Since time immemorial, it is generally considered that anything one gives or receives for free or without consideration gives happiness and deepens the relationship between persons. Now, why does this happen? Is it because we (the receiver of the gift) are not paying anything or that it raises the relationship to the next level by giving in consideration like trust, love and affection which is not valid consideration in law to cease the transfer as gift.

Gifts, in whatever form, whether cash or kind, is are a transfer of movable or immovable property from donor (Giver) to donee (Receiver) without any consideration in return.
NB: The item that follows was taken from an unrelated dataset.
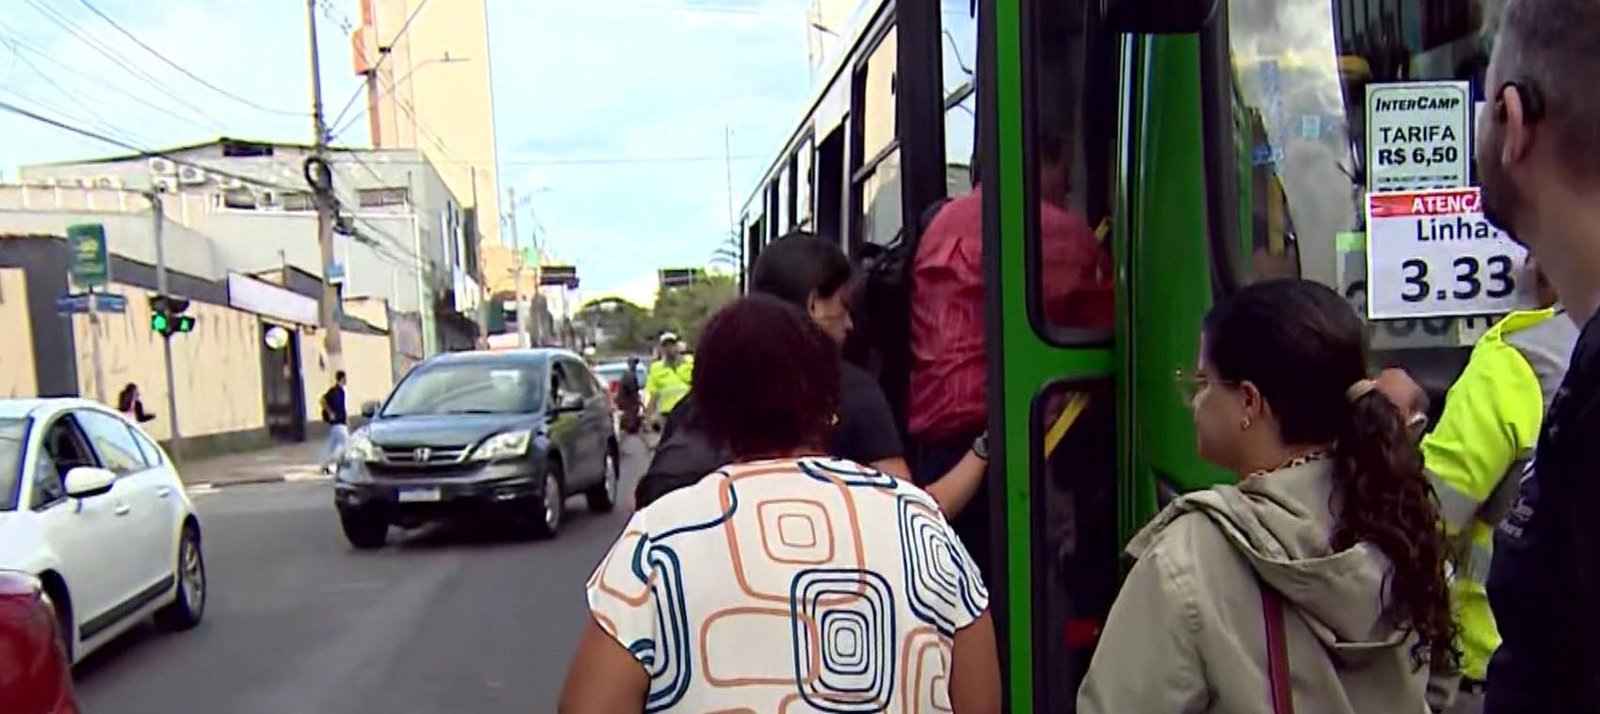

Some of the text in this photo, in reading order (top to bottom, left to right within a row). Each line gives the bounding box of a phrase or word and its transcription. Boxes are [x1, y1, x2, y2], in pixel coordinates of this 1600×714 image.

[1379, 124, 1455, 144] TARIFA
[1378, 146, 1458, 167] R$ 6,50
[1401, 255, 1515, 303] 3.33
Without any consideration/No consideration is the ‘sine qua non’ of the term gift. So when this hallmark is replaced with even inadequate consideration, the transfer ceases to be gift. The expenses on gift can be incurred by one family member for another or by a distant relative or by a business for its clients.

Speaking from the perspective of a businessman, there are many reasons for buying gifts for the customers and business associates like maintaining good work relations, opening doors for opportunities, professional networking, and a thank-you for a job well done. There’s also one more incentive to make those gift purchases. All or part of the cost of your business gifts can actually become tax deductions.

Businesses generally offer gifts to their clients to set up long-lasting and durable relationship with them, and these serve as an expense to expand and earn income for the business which in turn lead to deduction of these expenses from the income so as to pay less tax. The important principle to understand here is that the expenses that are incurred should be in the nature of business promotion and not in the nature of capital expenditure and personal expenses of the assesse.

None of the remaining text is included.